# Work request
With all images omitted, write out the records word for word.

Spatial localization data
>>>>>
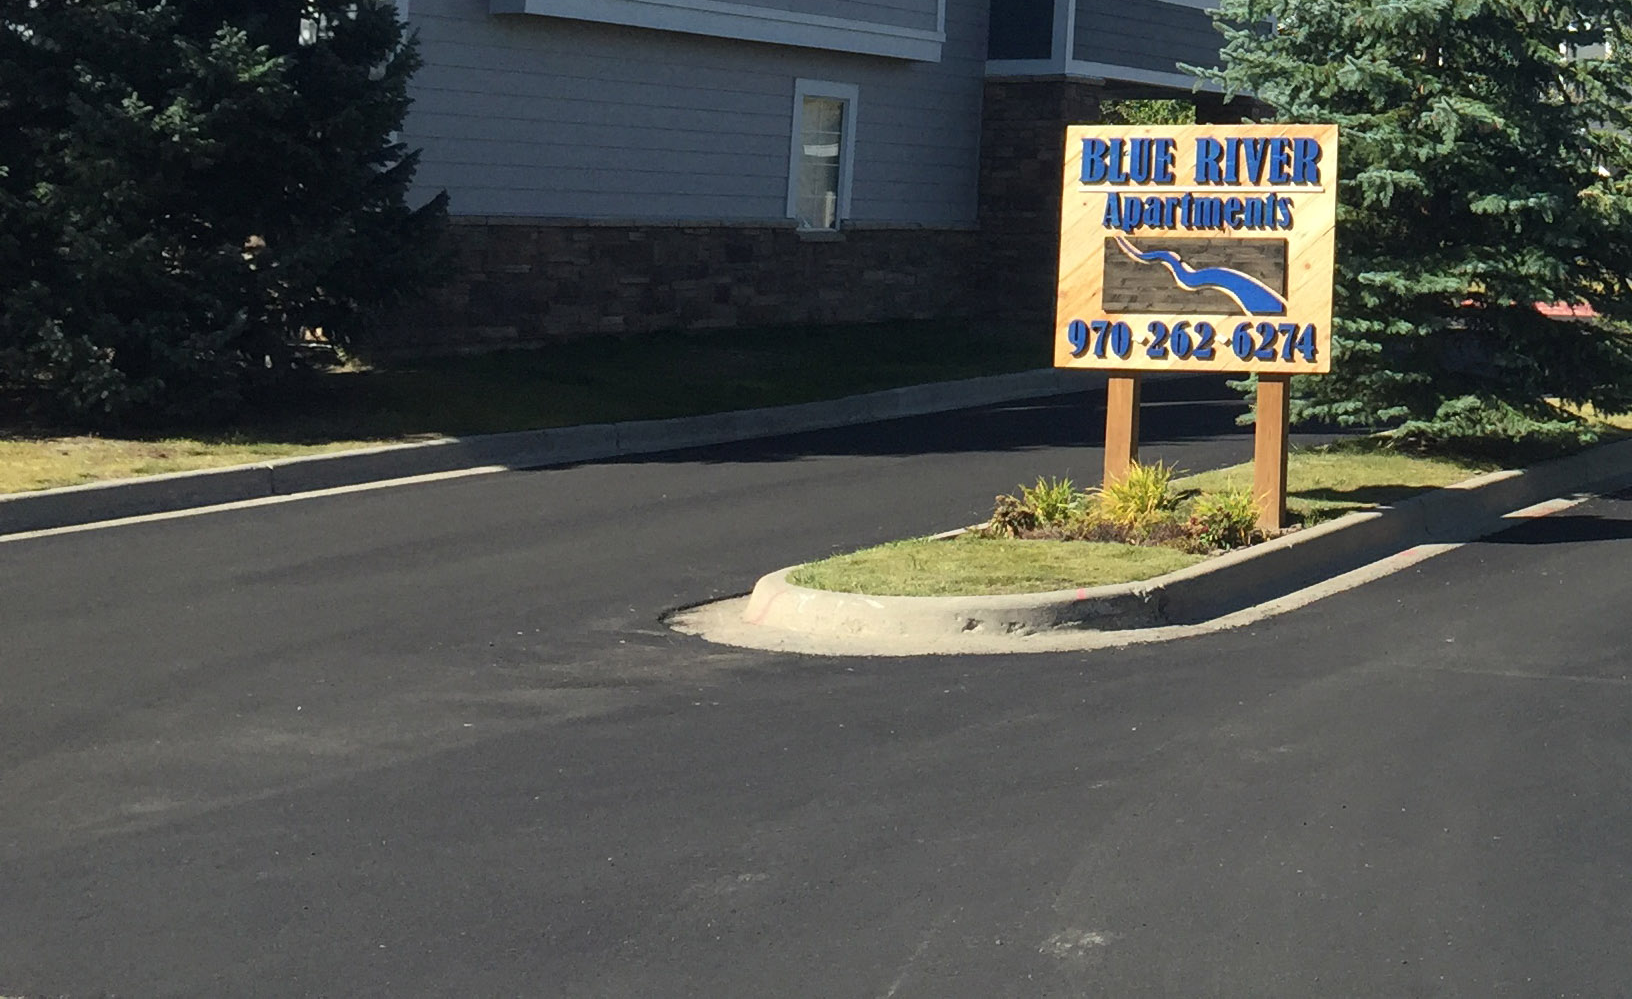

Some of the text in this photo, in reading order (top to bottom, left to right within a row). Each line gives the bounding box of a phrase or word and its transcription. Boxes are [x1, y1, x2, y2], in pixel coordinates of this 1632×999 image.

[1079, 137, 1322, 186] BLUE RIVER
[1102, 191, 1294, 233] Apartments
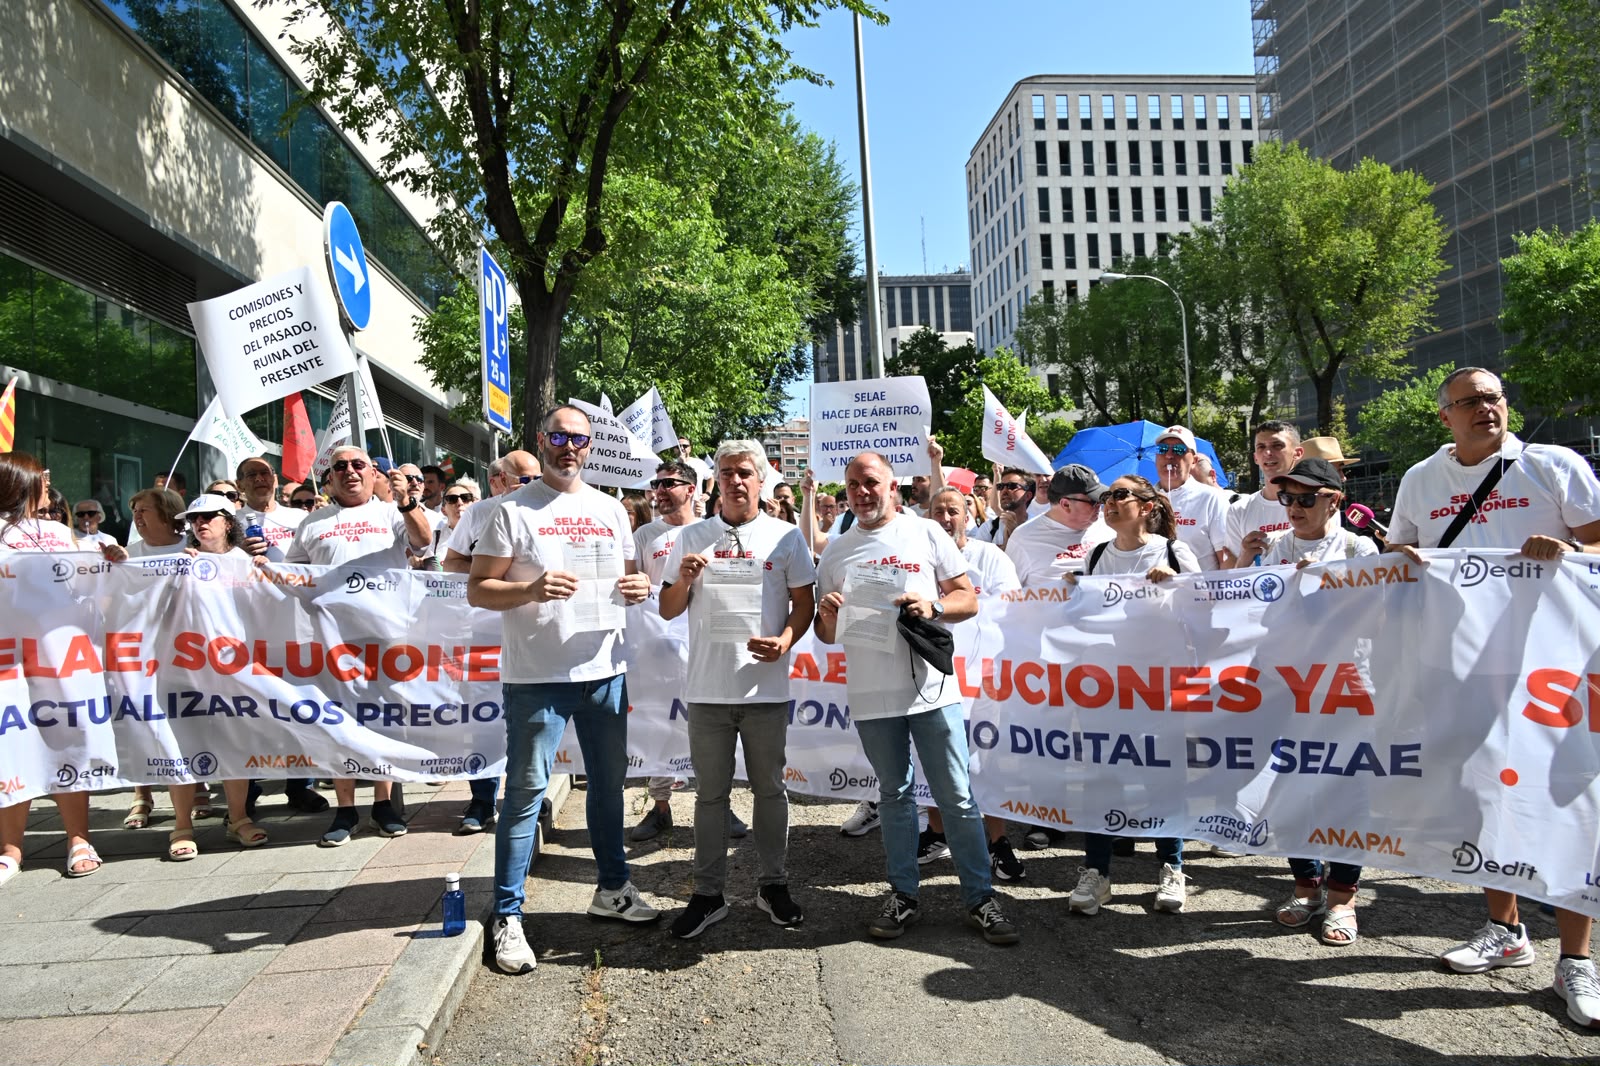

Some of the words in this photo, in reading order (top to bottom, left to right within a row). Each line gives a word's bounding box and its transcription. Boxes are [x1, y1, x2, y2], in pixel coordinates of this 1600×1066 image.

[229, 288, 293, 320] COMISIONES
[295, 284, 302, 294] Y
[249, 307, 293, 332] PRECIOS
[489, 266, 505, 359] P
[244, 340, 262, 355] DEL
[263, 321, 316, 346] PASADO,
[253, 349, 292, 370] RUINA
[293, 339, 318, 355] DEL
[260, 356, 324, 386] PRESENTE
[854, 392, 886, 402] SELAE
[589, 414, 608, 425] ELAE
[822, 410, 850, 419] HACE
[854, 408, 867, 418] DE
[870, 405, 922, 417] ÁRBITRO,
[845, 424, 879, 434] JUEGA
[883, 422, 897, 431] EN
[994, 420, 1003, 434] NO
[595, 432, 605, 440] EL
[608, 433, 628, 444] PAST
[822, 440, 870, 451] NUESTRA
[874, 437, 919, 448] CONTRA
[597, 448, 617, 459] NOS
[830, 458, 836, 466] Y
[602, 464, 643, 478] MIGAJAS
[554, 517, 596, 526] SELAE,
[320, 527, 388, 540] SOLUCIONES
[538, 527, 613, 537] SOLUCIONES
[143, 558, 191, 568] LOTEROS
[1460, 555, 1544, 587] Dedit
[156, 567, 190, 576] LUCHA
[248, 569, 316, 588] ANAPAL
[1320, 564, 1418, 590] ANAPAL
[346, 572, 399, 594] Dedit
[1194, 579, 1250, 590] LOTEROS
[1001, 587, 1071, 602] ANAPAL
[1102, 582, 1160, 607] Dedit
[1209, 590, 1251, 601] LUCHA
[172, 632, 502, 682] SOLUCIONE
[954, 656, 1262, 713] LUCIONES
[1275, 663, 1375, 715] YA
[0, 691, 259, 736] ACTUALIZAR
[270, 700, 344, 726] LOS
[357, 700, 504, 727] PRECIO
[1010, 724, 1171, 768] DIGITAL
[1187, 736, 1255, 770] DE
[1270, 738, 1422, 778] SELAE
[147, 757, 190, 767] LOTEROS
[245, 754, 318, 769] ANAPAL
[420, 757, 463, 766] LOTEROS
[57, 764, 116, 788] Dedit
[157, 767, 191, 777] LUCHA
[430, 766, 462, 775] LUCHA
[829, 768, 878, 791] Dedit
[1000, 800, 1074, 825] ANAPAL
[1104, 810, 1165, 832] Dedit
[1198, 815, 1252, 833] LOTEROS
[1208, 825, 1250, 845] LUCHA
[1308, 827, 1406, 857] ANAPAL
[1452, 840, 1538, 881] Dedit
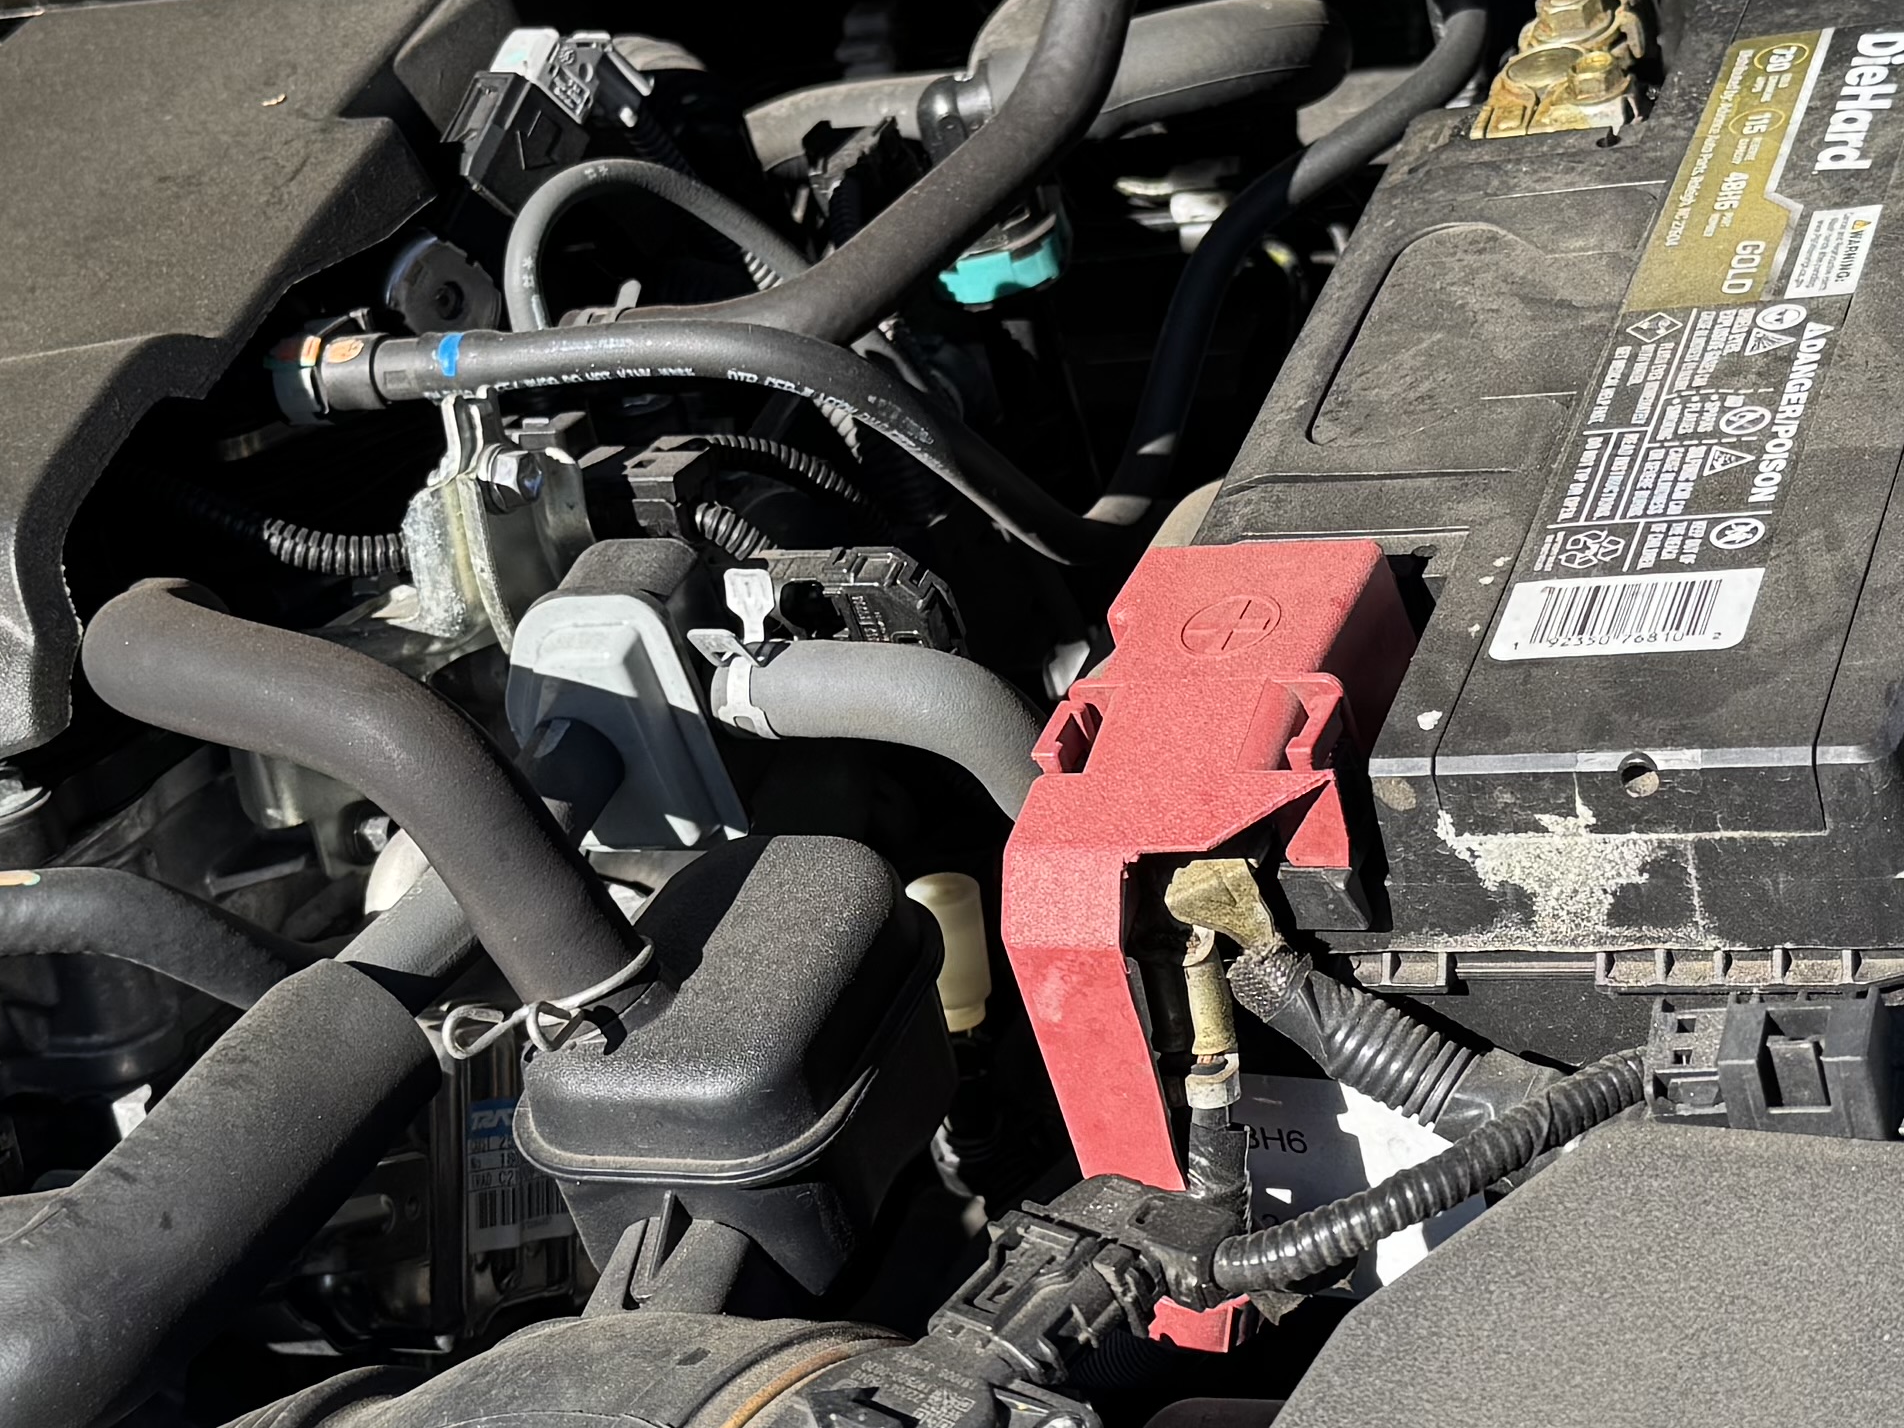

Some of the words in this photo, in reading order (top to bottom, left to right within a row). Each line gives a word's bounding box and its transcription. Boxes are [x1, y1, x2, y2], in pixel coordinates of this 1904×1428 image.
<<<<<
# Solution to this problem
Some of the text in this photo, in reading order (top to bottom, left to right within a row). Each line gives the bounding box of a phrase or word and its transcription. Boxes are [x1, y1, x2, y2], in pixel coordinates of this 1632×999 image.

[1079, 137, 1322, 186] BLUE RIVER
[1102, 191, 1294, 233] Apartments

Some of the words in this photo, in reading order (top to bottom, left to right within a row). Each line gives a word's bounding box and its transcription. Boxes are [x1, y1, x2, y2], in pixel coordinates of this 1600×1066 image.

[229, 288, 293, 320] COMISIONES
[295, 284, 302, 294] Y
[249, 307, 293, 332] PRECIOS
[489, 266, 505, 359] P
[244, 340, 262, 355] DEL
[263, 321, 316, 346] PASADO,
[253, 349, 292, 370] RUINA
[293, 339, 318, 355] DEL
[260, 356, 324, 386] PRESENTE
[854, 392, 886, 402] SELAE
[589, 414, 608, 425] ELAE
[822, 410, 850, 419] HACE
[854, 408, 867, 418] DE
[870, 405, 922, 417] ÁRBITRO,
[845, 424, 879, 434] JUEGA
[883, 422, 897, 431] EN
[994, 420, 1003, 434] NO
[595, 432, 605, 440] EL
[608, 433, 628, 444] PAST
[822, 440, 870, 451] NUESTRA
[874, 437, 919, 448] CONTRA
[597, 448, 617, 459] NOS
[830, 458, 836, 466] Y
[602, 464, 643, 478] MIGAJAS
[554, 517, 596, 526] SELAE,
[320, 527, 388, 540] SOLUCIONES
[538, 527, 613, 537] SOLUCIONES
[143, 558, 191, 568] LOTEROS
[1460, 555, 1544, 587] Dedit
[156, 567, 190, 576] LUCHA
[248, 569, 316, 588] ANAPAL
[1320, 564, 1418, 590] ANAPAL
[346, 572, 399, 594] Dedit
[1194, 579, 1250, 590] LOTEROS
[1001, 587, 1071, 602] ANAPAL
[1102, 582, 1160, 607] Dedit
[1209, 590, 1251, 601] LUCHA
[172, 632, 502, 682] SOLUCIONE
[954, 656, 1262, 713] LUCIONES
[1275, 663, 1375, 715] YA
[0, 691, 259, 736] ACTUALIZAR
[270, 700, 344, 726] LOS
[357, 700, 504, 727] PRECIO
[1010, 724, 1171, 768] DIGITAL
[1187, 736, 1255, 770] DE
[1270, 738, 1422, 778] SELAE
[147, 757, 190, 767] LOTEROS
[245, 754, 318, 769] ANAPAL
[420, 757, 463, 766] LOTEROS
[57, 764, 116, 788] Dedit
[157, 767, 191, 777] LUCHA
[430, 766, 462, 775] LUCHA
[829, 768, 878, 791] Dedit
[1000, 800, 1074, 825] ANAPAL
[1104, 810, 1165, 832] Dedit
[1198, 815, 1252, 833] LOTEROS
[1208, 825, 1250, 845] LUCHA
[1308, 827, 1406, 857] ANAPAL
[1452, 840, 1538, 881] Dedit

Some of the words in this photo, in reading order (top to bottom, left to right within a row). Each line gives a word's bounding box and its transcription. Boxes are [x1, y1, x2, y2], in pixel coordinates of this 1904×1428 image.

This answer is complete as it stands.